▶ _Problem details_
In the records below, find the line containing "this 2000×910 image.". Restate it and all the lines after it exactly, and omit the rest.

"""

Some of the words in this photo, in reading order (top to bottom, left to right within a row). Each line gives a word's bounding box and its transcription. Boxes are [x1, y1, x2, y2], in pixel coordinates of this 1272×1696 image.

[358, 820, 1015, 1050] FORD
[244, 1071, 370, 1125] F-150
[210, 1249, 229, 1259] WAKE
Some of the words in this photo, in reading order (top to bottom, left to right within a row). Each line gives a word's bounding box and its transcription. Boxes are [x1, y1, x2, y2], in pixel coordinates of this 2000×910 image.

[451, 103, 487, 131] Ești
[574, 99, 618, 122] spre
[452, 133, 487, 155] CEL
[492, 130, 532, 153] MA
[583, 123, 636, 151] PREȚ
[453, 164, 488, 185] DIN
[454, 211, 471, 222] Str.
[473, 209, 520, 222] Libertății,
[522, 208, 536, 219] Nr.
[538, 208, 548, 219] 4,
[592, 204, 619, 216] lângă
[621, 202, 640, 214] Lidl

"""

▶ _Finished task_
Some of the words in this photo, in reading order (top to bottom, left to right within a row). Each line gives a word's bounding box and its transcription. Boxes are [x1, y1, x2, y2], in pixel coordinates of this 2000×910 image.

[451, 103, 487, 131] Ești
[574, 99, 618, 122] spre
[452, 133, 487, 155] CEL
[492, 130, 532, 153] MA
[583, 123, 636, 151] PREȚ
[453, 164, 488, 185] DIN
[454, 211, 471, 222] Str.
[473, 209, 520, 222] Libertății,
[522, 208, 536, 219] Nr.
[538, 208, 548, 219] 4,
[592, 204, 619, 216] lângă
[621, 202, 640, 214] Lidl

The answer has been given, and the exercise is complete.